- [TASK DIRECTIONS]:
Nothing but the records themselves, exactly as written and free of pictures, should appear in your response.

Data excerpts:
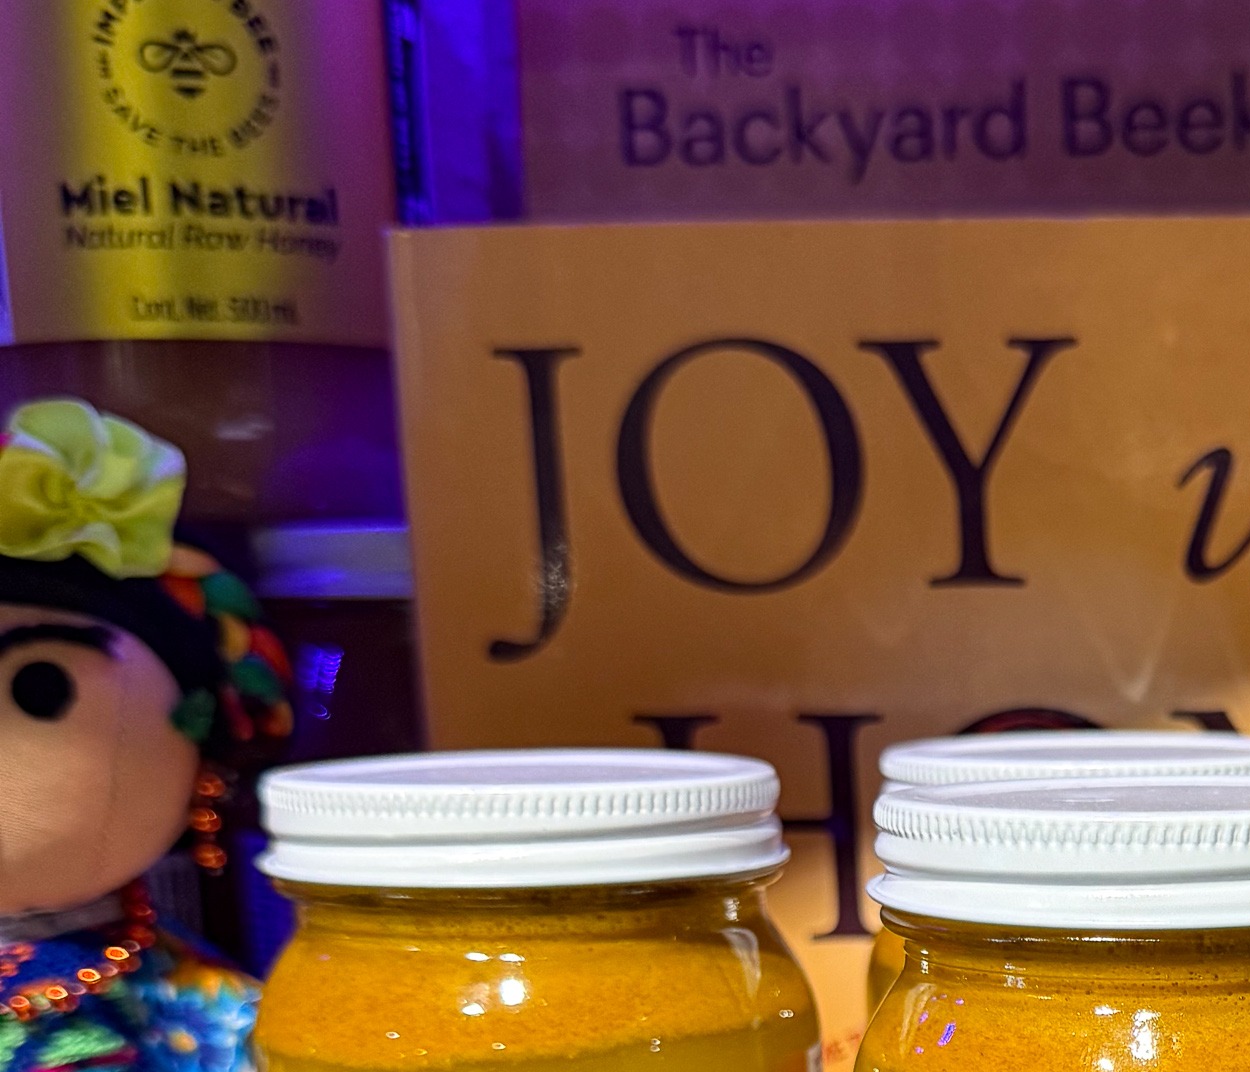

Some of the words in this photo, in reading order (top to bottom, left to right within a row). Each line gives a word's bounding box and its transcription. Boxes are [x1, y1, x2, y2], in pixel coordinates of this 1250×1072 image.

[674, 25, 773, 78] The
[619, 77, 1028, 185] Backyard
[60, 175, 151, 216] Miel
[168, 179, 339, 226] Natural
[64, 224, 174, 249] Natural
[487, 337, 1079, 663] JOY
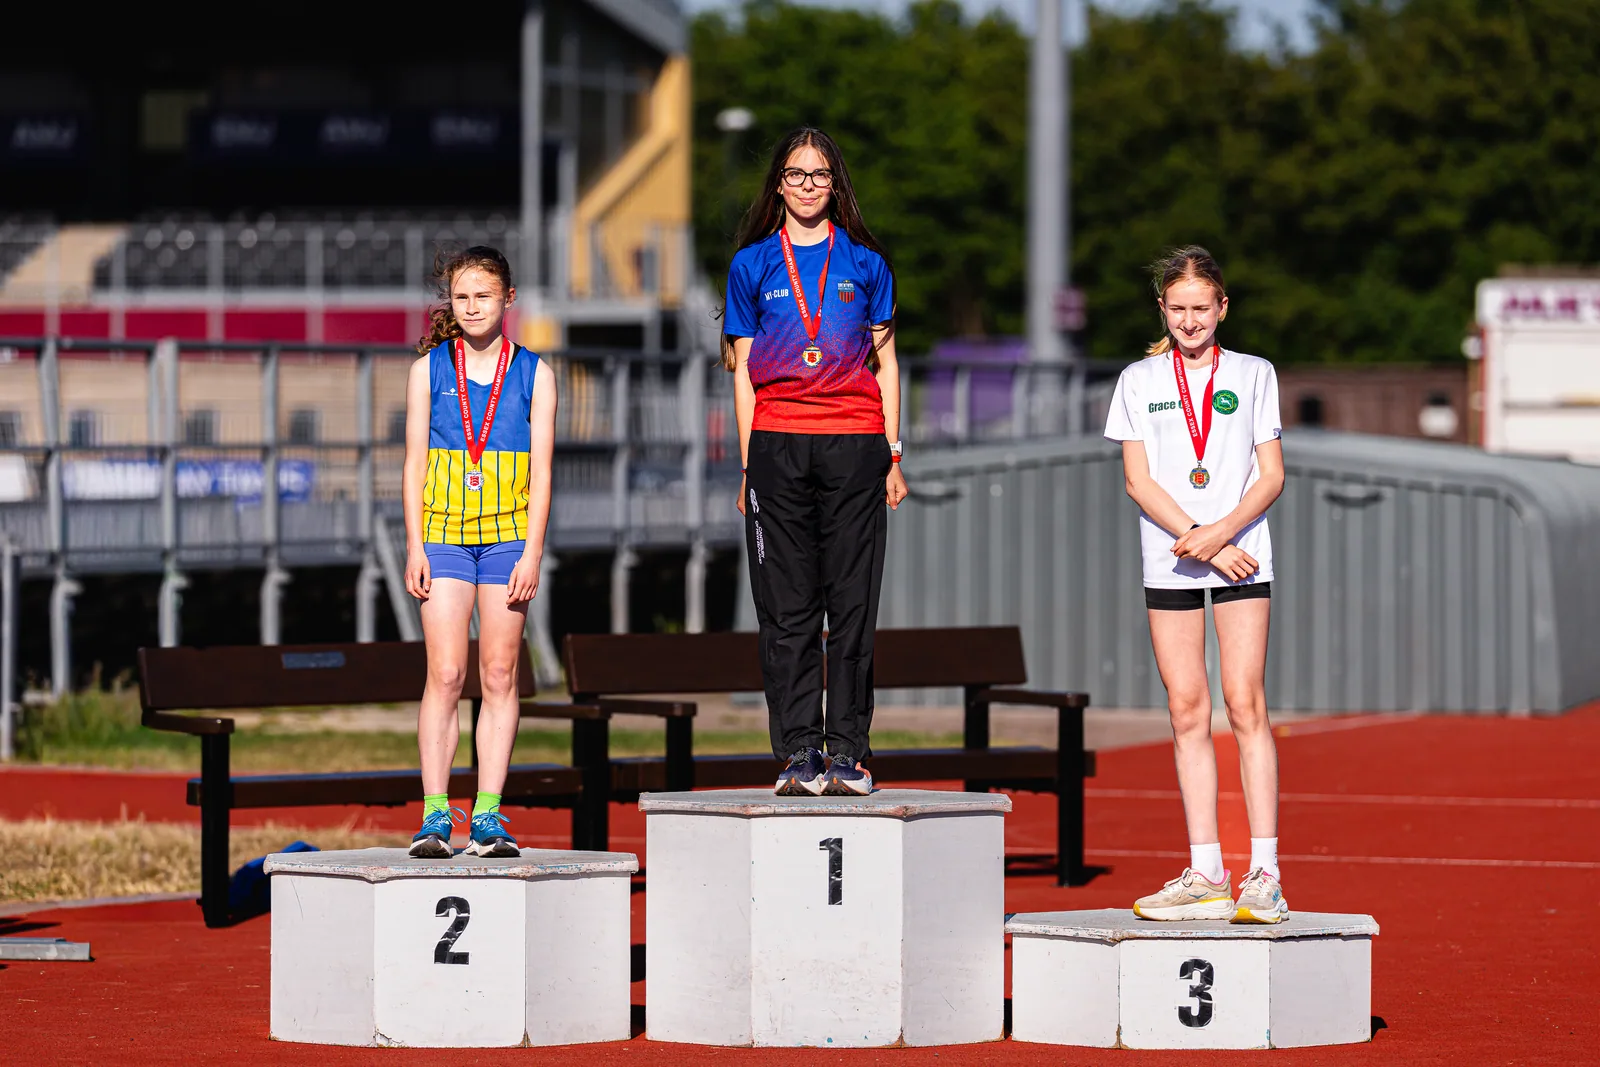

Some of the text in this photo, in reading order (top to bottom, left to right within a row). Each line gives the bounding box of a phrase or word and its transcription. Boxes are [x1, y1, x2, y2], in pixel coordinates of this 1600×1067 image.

[792, 275, 802, 297] COUNTY
[799, 299, 807, 318] ESSEX
[461, 394, 469, 418] COUNTY
[480, 352, 506, 442] ESSEX COUNTY CHAMPIONSHIP
[1149, 401, 1176, 413] Grace
[1183, 395, 1192, 416] COUNTY
[464, 420, 472, 440] ESSEX
[1188, 418, 1197, 437] ESSEX
[819, 837, 843, 905] 1
[434, 896, 470, 965] 2
[1178, 958, 1214, 1027] 3

- [COMPLETED EXERCISE]:
Some of the words in this photo, in reading order (top to bottom, left to right within a row). Each line gives a word's bounding box and its transcription. Boxes are [x1, y1, x2, y2], in pixel coordinates of this 1250×1072 image.

[674, 25, 773, 78] The
[619, 77, 1028, 185] Backyard
[60, 175, 151, 216] Miel
[168, 179, 339, 226] Natural
[64, 224, 174, 249] Natural
[487, 337, 1079, 663] JOY

Some of the text in this photo, in reading order (top to bottom, left to right within a row). Each line gives the bounding box of a phrase or word and its transcription. Boxes are [x1, y1, x2, y2], in pixel coordinates of this 1600×1067 image.

[792, 275, 802, 297] COUNTY
[799, 299, 807, 318] ESSEX
[461, 394, 469, 418] COUNTY
[480, 352, 506, 442] ESSEX COUNTY CHAMPIONSHIP
[1149, 401, 1176, 413] Grace
[1183, 395, 1192, 416] COUNTY
[464, 420, 472, 440] ESSEX
[1188, 418, 1197, 437] ESSEX
[819, 837, 843, 905] 1
[434, 896, 470, 965] 2
[1178, 958, 1214, 1027] 3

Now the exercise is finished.